Reducing Gun Violence in America: Informing Policy with Evidence and Analysis
(The Johns Hopkins University Press)
One month after the Newtown shootings, The Johns Hopkins University held a two-day summit focusing on national and international gun-violence research. The organizers, knowing that interest groups and politicians would be angling to manipulate the gun-control debate, wanted to gather the best available data to help policymakers and the public make informed choices going forward. An outgrowth of the Hopkins summit, this book collects that research, which is surprisingly accessible and startlingly grim. Thankfully, the editors have done an excellent job organizing the material, which moves from current policy shortcomings to proposals for federal reforms. The debate that’s raging might leave you feeling hopeless, but this book suggests otherwise.

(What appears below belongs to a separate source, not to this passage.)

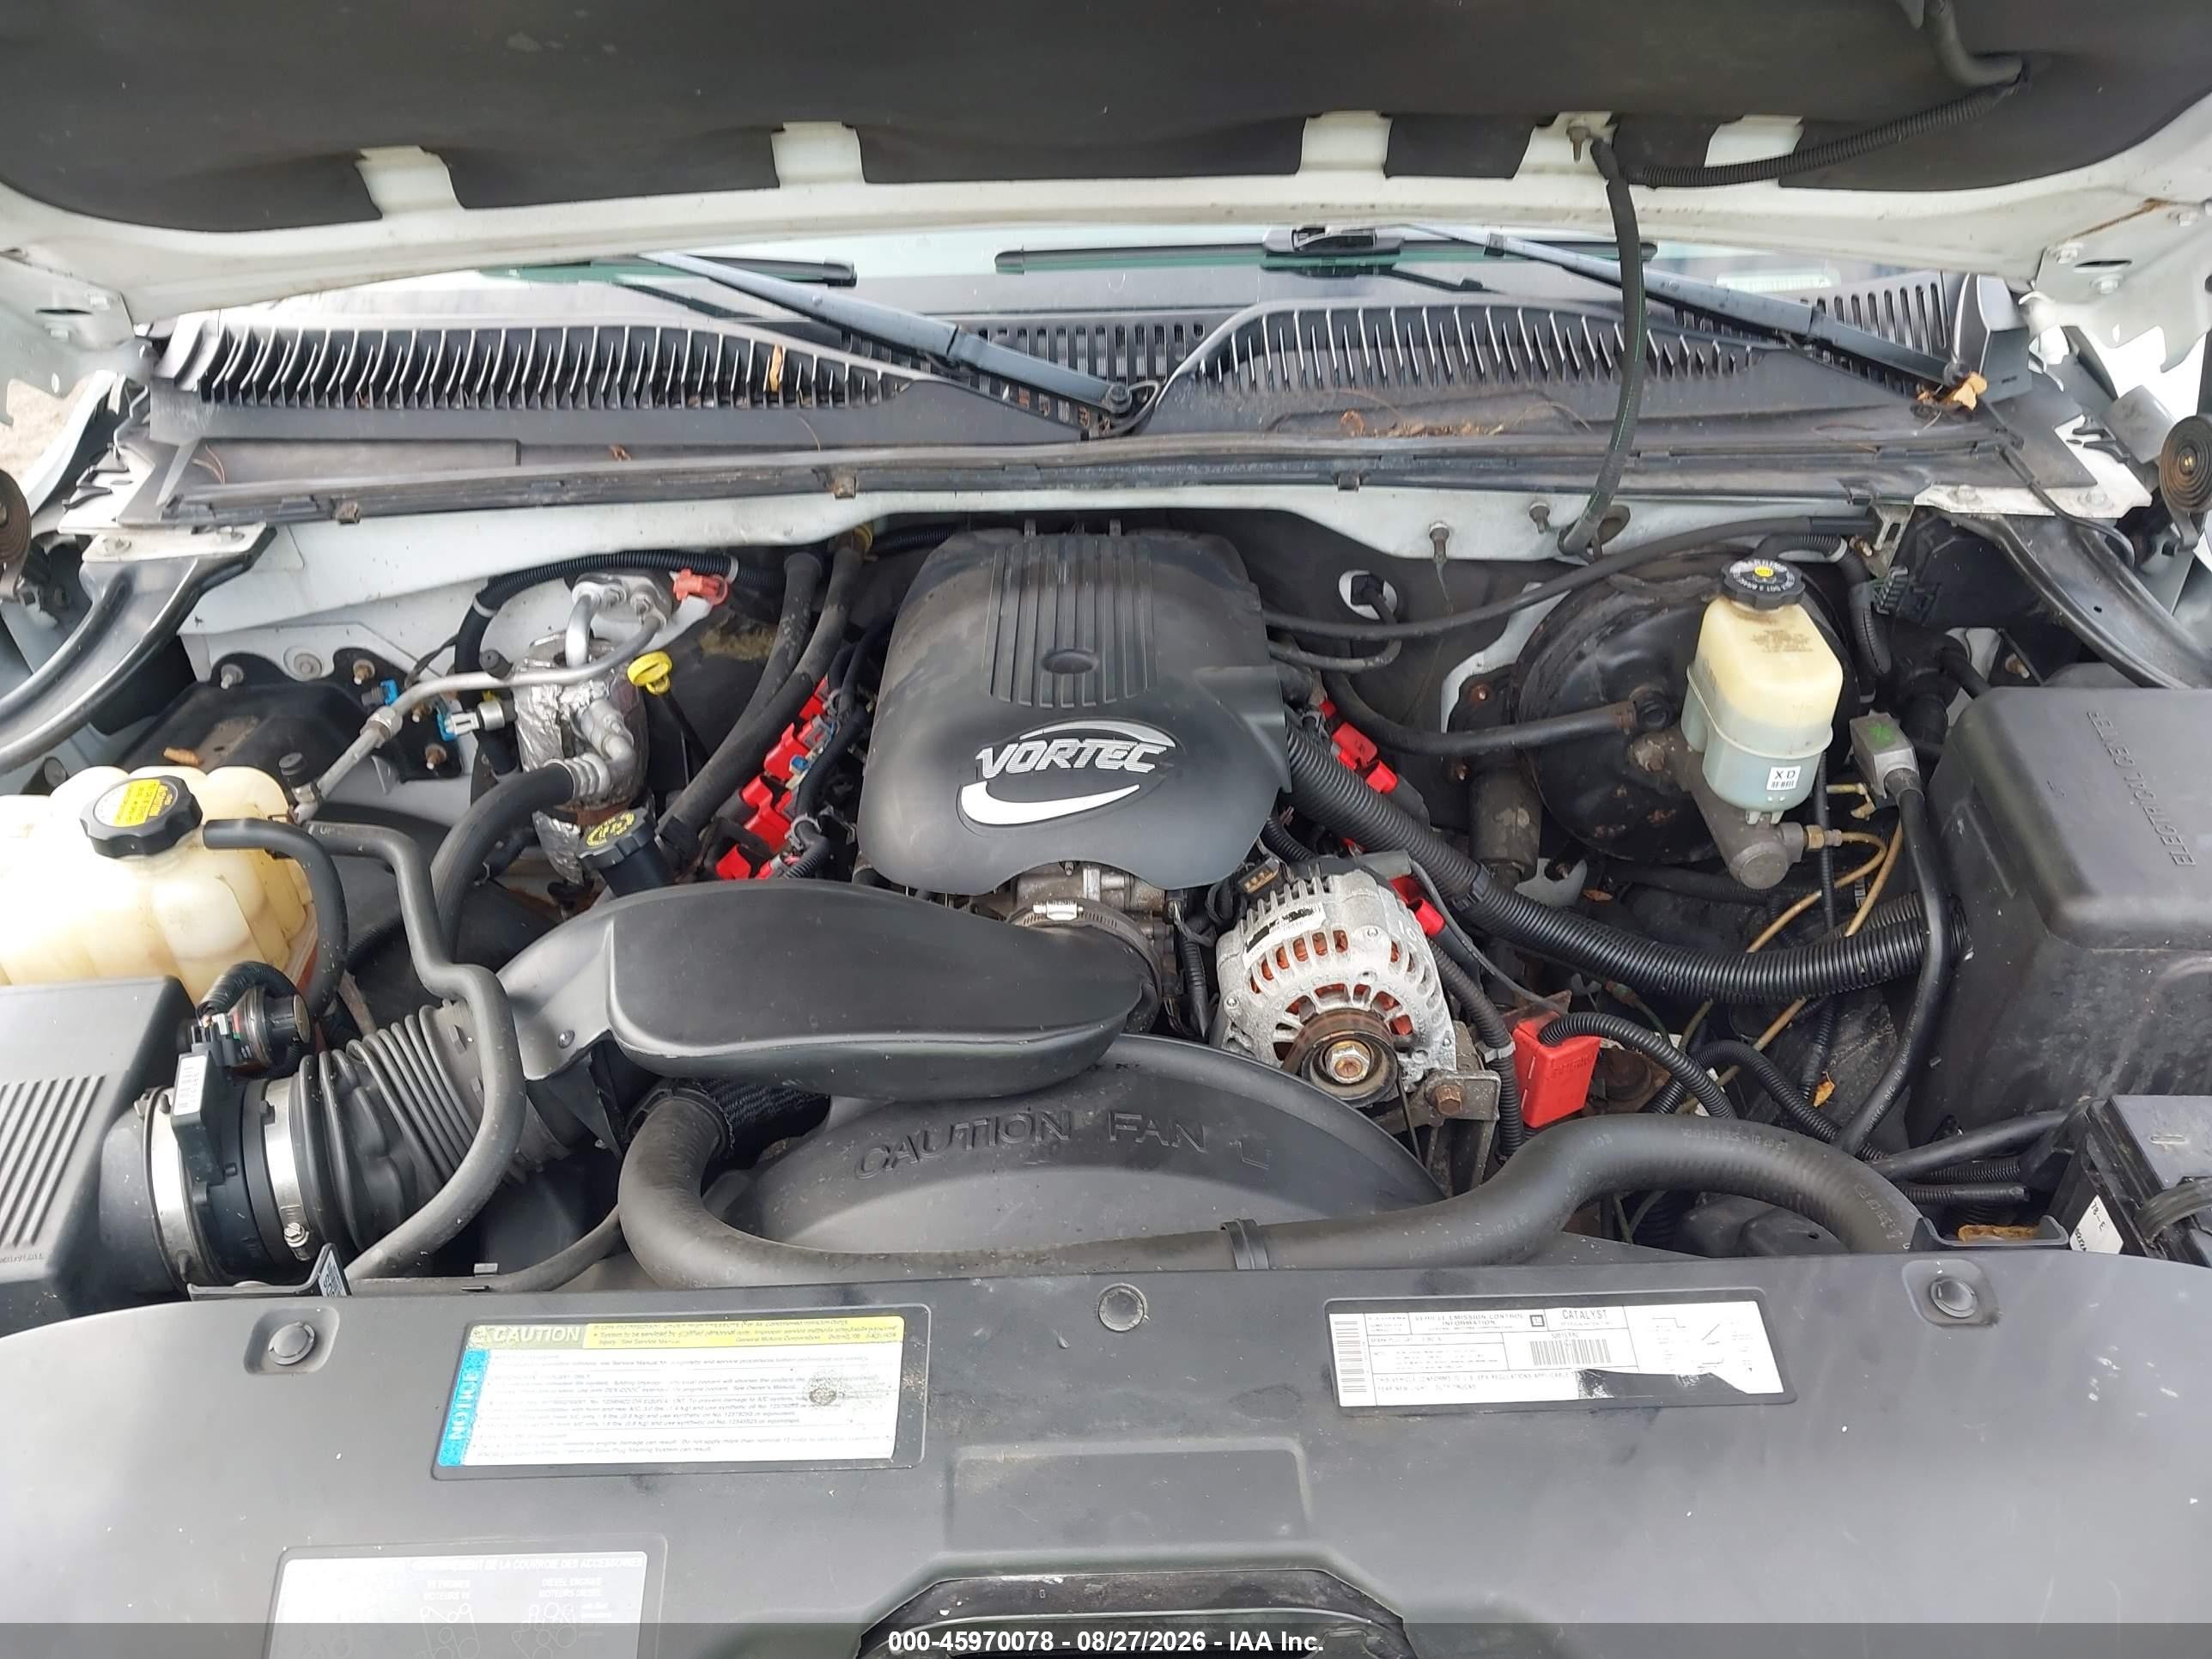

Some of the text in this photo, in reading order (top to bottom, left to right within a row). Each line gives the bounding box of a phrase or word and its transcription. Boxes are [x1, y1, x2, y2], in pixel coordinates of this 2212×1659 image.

This volume is a recent addition to a series of opera-centric kids’ books from Babetta’s World, cited as “Best Boutique Publisher” in our 2012 “Best of Baltimore” issue. Previous releases have included Aida and La Bohème, and this edition retells the story of Verdi’s classic opera in four languages (Italian, English, German, and Spanish). Laura Castellani’s text, though clear and succinct, sometimes reads more like a plot summary than an engaging children’s story. Ultimately, that’s fine because Alessandra Catalioti’s lavish illustrations richly underscore the major plot points and add nuanced depth to the overall presentation. The textured, heavy stock of the cover adds to the artful feel of this paperback, which makes a great introduction to the opera for kids of all ages. With Rigoletto coming to the Lyric next month (May 17 and 19), it’s an excellent time to start.
So Say the Waiters: Book 1
The waiters referenced in the title aren’t food-service workers——it’s way more complicated than that. They’re actually waiting to be kidnapped, as subscribers to a smartphone app (kidnApp) that facilitates abductions in accordance with the subscriber’s pre-set conditions. Sirois’s lively story, the first installment in a multi-book series, features a pair of well-crafted characters——Henry, a straight-laced computer programmer whose friend developed the app, and Dani, a hipster bartender and kidnApp subscriber——and parallel stories that intersect in unexpected ways. Along the way, Sirois riffs on a technology-saturated society, with friends texting one another from adjacent rooms or seeking meaningful, but staged, interaction with others. Abundant local references add to the fun, and Book 1 ends on an intriguing note. Bring on Book 2.